My love of seltzer BURNS.

Source: Pixabay.

Making fun of health nuts used to be a hobby for me. But to be fair, I live in one of the more ridiculous “havens” for them.

Seriously, I live in a city where people put nutritional yeast on pizza. Gluten-free beer is standard in every bar. If you drink a regular Coke, it better be Mexican and made with real sugar or else you’re going to get the stink eye.

For years, I rebelled against this. Originally I’m from a rather blue collar background. The idea of worshipping your own body to the point of excess seemed self absorbed. Weren’t there better things to do with your day? With your life?

But then I took a step back and realized something: I had no idea how to actually take care of myself.

If I wanted to be good to myself, I was doing things that were actually bad for me. Skipping exercise. Drinking alcohol that was full of sugar. Eating a lot of sugar in general.

My body didn’t like it at all. I wasn’t dehabilitatingly overweight or sick. But I generally felt like shit a lot of the time.

My PMDD, as always, provided a good indicator. My emotions were regularly all over the place. Regularly, and when I was a werewolf. I couldn’t linger and focus on my emotions. I was afraid to get vulnerable.

Then, I made a major life decision and found that I could not get my shit together enough mentally to actually think about it.

I had to make a change.

It started conventional: I went on mental health medication for the first time. After a rough two weeks of transition, the transition was remarkable. No longer were my thoughts intrusive like a noisy brunch table pushed way too close to me. Now they were on the other side of the restaurant.

I already took supplements, but I took more. Hey, fewer headaches. And these smelly herb pills actually control my PMDD symptoms in a great way.

I dry brushed. No, it doesn’t eliminate cellulite in a significant way. But extra circulation and exfoliation? Yes, please.

I smoked pot for balance and happiness. Every so often, I write about it.

I used bath bombs. Sweet god, now baths made sense.

I turned off a lot of notifications on my devices. I work on the Internet and I don’t want it in my face all the time.

I read a lot of self-help books, though that’s also because I have a podcast all about finding the truth within those things.

I meditated, for Pete’s sake.

And I changed. Going on depression meds made me more susceptible/sensitive to negative things happening to people.

I used to be a true crime fan. But now, I don’t want to hear a bunch of stories about people getting away with terrible things-or hearing stories about someone’s worst day ever. I don’t want to be voyeuristic or self-flagellating with other people’s suffering. I understand, to a far lesser degree, what the poor Facebook moderators must be feeling. We as a people don’t understand how easily we can hurt our own souls.

Most recently, I’ve given up caffeine. This was the hardest by far, because I hadn’t gone more than three days without caffeine for 14 years. I’ll probably re-integrate it to once a week after 90 days of detox.

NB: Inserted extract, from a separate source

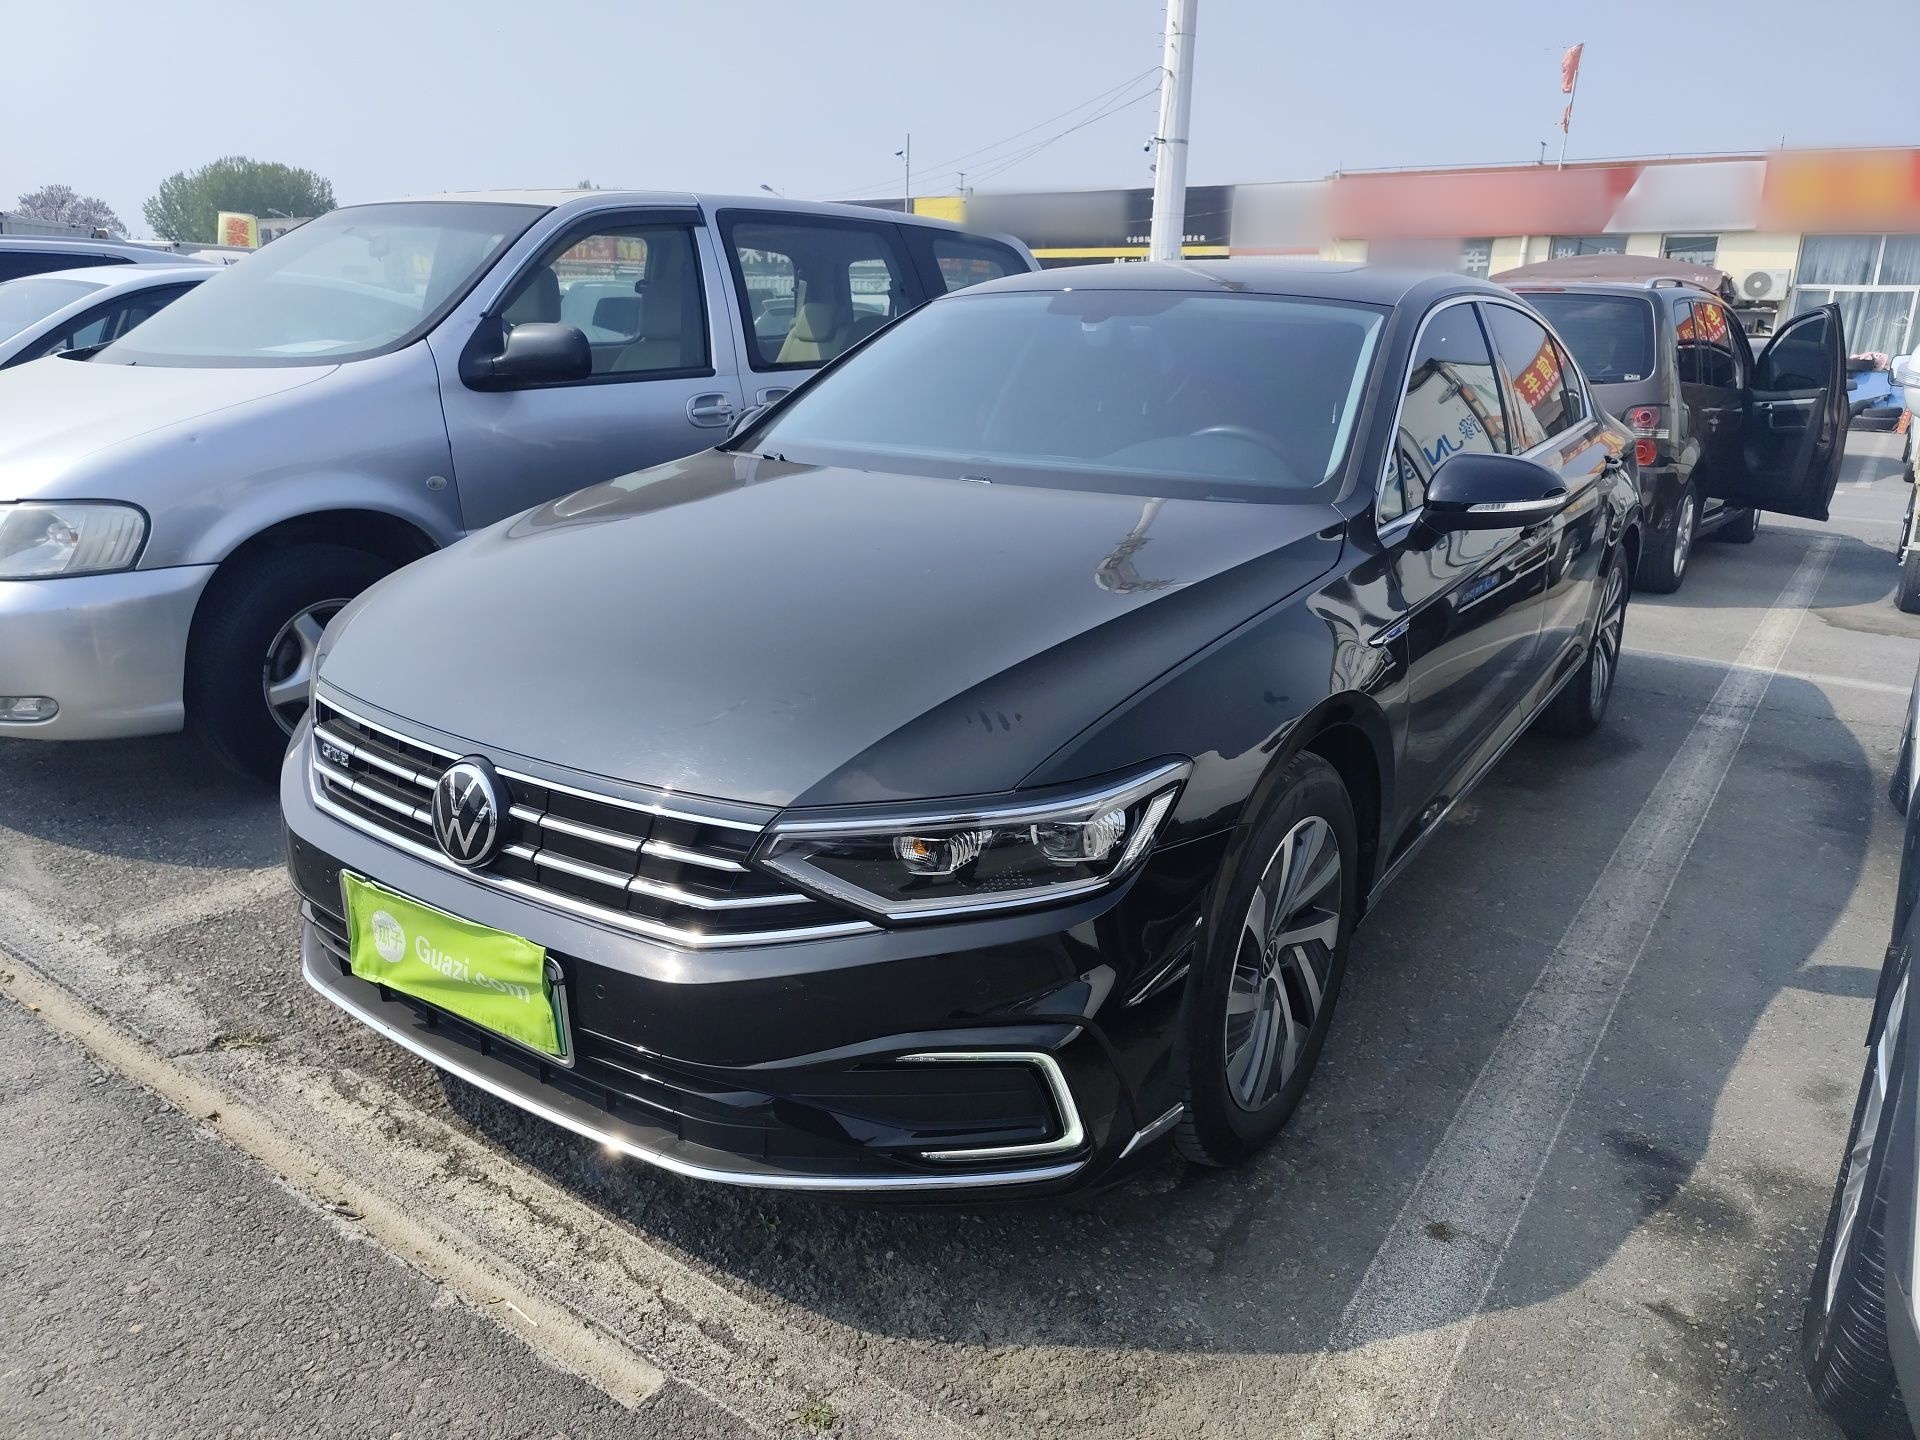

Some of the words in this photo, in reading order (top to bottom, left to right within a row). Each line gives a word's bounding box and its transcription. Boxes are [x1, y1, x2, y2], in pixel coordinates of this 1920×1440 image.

[322, 742, 349, 768] GTE
[434, 763, 497, 862] VW
[415, 935, 531, 1004] Guazi.com

But I have to be honest: Except for some superficial lightening of PMDD symptoms, I really don’t miss it.

I hardly talk about any of these changes in my life. Because people who talk about their “wellness” all the time are obnoxious.

I grew up in a blue collar house. We had real things to worry about. In college, I had to worry about paying for things like rent and food and life. Not to mention my father, who had committed suicide in my sophomore year.

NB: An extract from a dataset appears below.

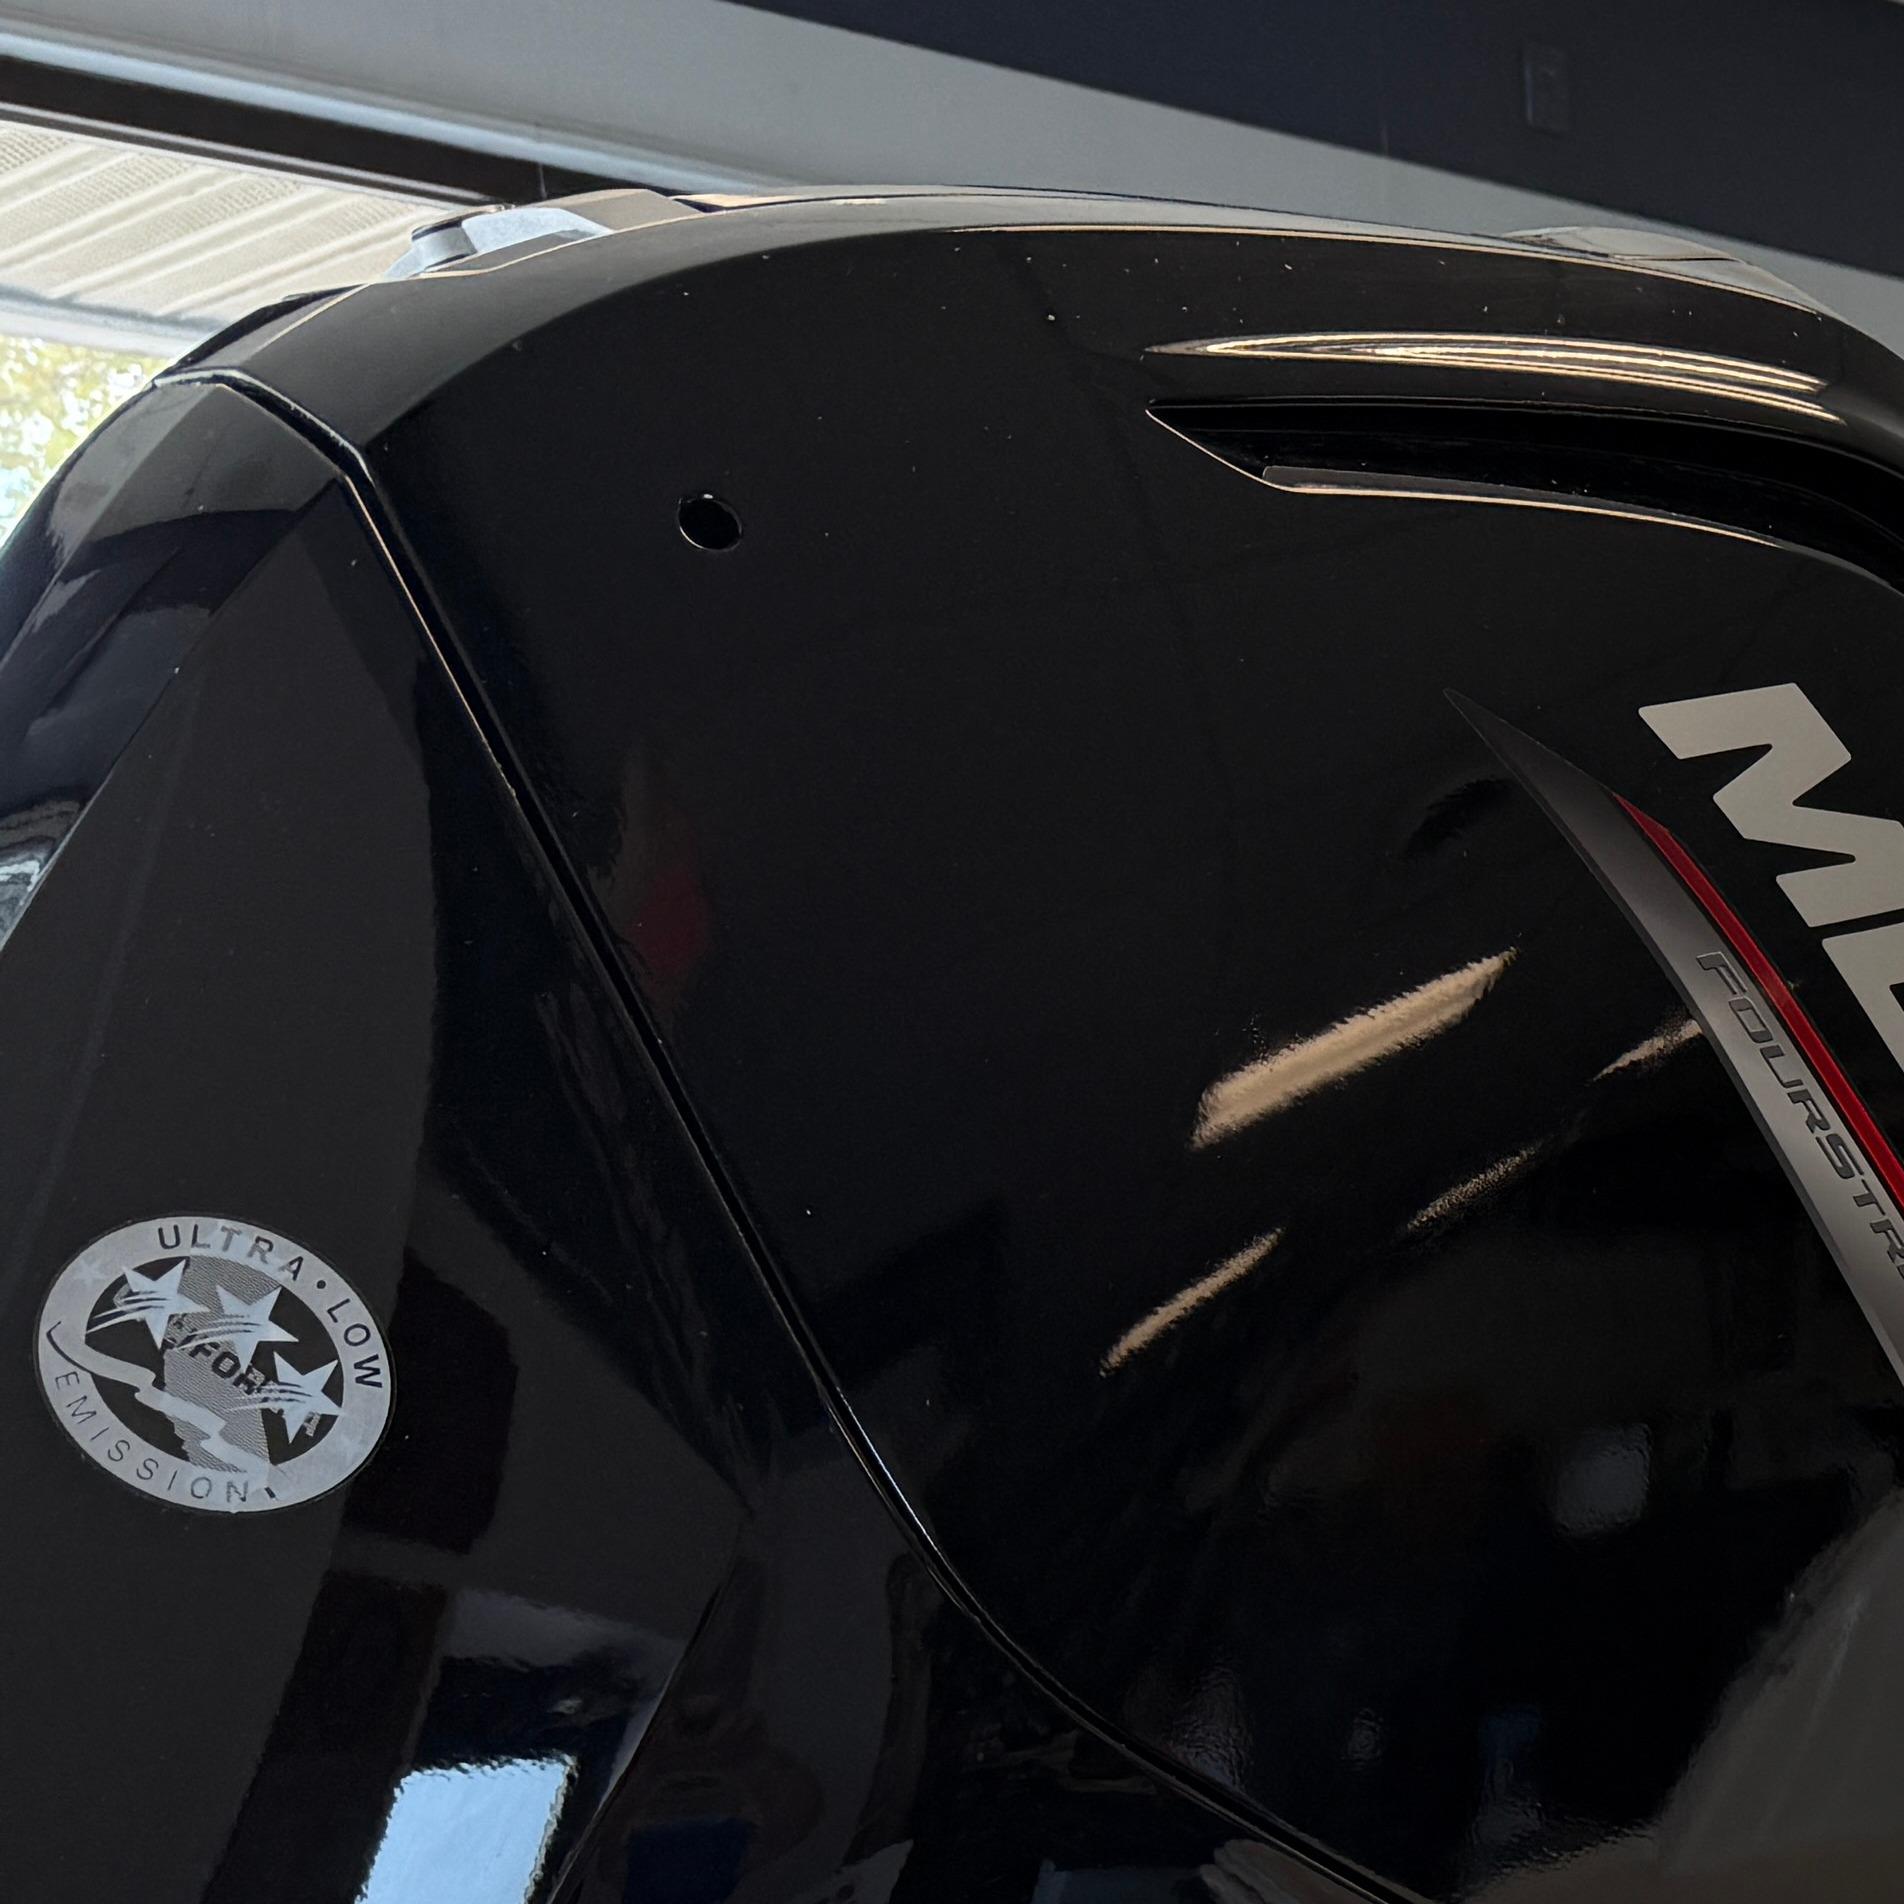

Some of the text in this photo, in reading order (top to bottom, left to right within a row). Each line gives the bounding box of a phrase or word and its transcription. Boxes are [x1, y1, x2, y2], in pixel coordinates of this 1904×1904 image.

[157, 1223, 304, 1282] ULTRA
[326, 1297, 384, 1389] LOW
[54, 1370, 250, 1503] EMISSION

So no matter how much of a witchy, Natural Living person I become, I don’t ever want it to become my identity.

I’ll help people if they want to know advice about something I do. I’ll cheer people on if they decide for themselves that they want to make positive changes, in true Irish style.

But living well is fuel for my bigger dreams. It’s not all I am. It should just be fuel for achieving bigger things.